Two figures sat across from each other; each holding a hand of playing cards with a table between them. The taller of the two stared out into the endless white void they inhabited, lost in thought. His face was wrinkled and blemished and yet his eyes were young. The only hair on his body was a vibrant red beard that fell down to his stomach. A frown was set into his face as he stared, his eyebrows knitted together.
“Come now, brother, You’ve been sitting there for an eternity,” the shorter figure, Elos, said with a mixture of annoyance and concern. Their face was entirely ambiguous as if it was a mixture of every face that could ever be made. Both masculine and feminine, both old and young; they looked like they could bear a passing resemblance to any person you could think of, and their voice was equally ambiguous. “What’s eating at you?”

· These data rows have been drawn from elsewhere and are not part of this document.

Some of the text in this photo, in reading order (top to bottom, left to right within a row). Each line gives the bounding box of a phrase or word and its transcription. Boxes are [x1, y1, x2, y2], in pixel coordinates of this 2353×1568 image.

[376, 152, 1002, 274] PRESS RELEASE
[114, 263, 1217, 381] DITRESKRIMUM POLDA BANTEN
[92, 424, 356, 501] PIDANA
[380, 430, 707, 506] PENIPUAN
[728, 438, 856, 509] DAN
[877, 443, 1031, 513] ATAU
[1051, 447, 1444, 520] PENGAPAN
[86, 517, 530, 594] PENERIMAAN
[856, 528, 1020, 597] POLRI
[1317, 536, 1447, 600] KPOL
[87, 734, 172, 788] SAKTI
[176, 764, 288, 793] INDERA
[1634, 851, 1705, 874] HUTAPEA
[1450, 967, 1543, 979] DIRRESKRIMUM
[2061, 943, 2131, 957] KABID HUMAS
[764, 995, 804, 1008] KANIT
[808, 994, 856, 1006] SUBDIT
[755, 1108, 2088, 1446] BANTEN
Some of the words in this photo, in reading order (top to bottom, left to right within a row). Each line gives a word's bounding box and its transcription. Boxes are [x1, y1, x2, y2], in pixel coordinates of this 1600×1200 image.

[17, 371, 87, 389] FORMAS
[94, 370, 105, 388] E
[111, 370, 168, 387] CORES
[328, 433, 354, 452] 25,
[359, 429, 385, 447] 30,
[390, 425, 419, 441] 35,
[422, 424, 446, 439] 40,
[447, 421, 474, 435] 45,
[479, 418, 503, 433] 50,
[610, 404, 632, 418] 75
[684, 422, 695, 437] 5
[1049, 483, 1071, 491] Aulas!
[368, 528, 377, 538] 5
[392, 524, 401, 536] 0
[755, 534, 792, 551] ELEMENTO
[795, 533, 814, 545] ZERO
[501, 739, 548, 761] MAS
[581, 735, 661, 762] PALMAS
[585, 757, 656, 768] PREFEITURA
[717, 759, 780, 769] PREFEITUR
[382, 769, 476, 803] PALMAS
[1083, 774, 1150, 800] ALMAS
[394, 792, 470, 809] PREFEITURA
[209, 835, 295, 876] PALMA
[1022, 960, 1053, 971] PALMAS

“I…” Matos, started, still staring out into nothingness, “I must admit that I am quite bored.”
“Bored? How can you be bored, it’s your turn,” said Elos, bewildered.
“Hmm? Oh sorry,” Matos said without looking away from the void. “Give me all of your… twos.”
Elos stared at him dryly. “We’re playing poker.”
“Oh,” replied Matos, “am I winning?”
Elos dropped their head into their hands and eventually groaned, “Fine. Go fish”
Matos grabbed a card from the deck and sighed when it wasn’t what he was after. He examined his cards and went back to staring into the distance.
“It’s not the game I’m bored with, Elos, it’s the mortals,” Matos sighed. “They’ve stagnated which means we have as well. They’ve been stuck in the fourth era for nearly a thousand years now. They haven’t discovered anything or advanced at all and I cannot understand why.”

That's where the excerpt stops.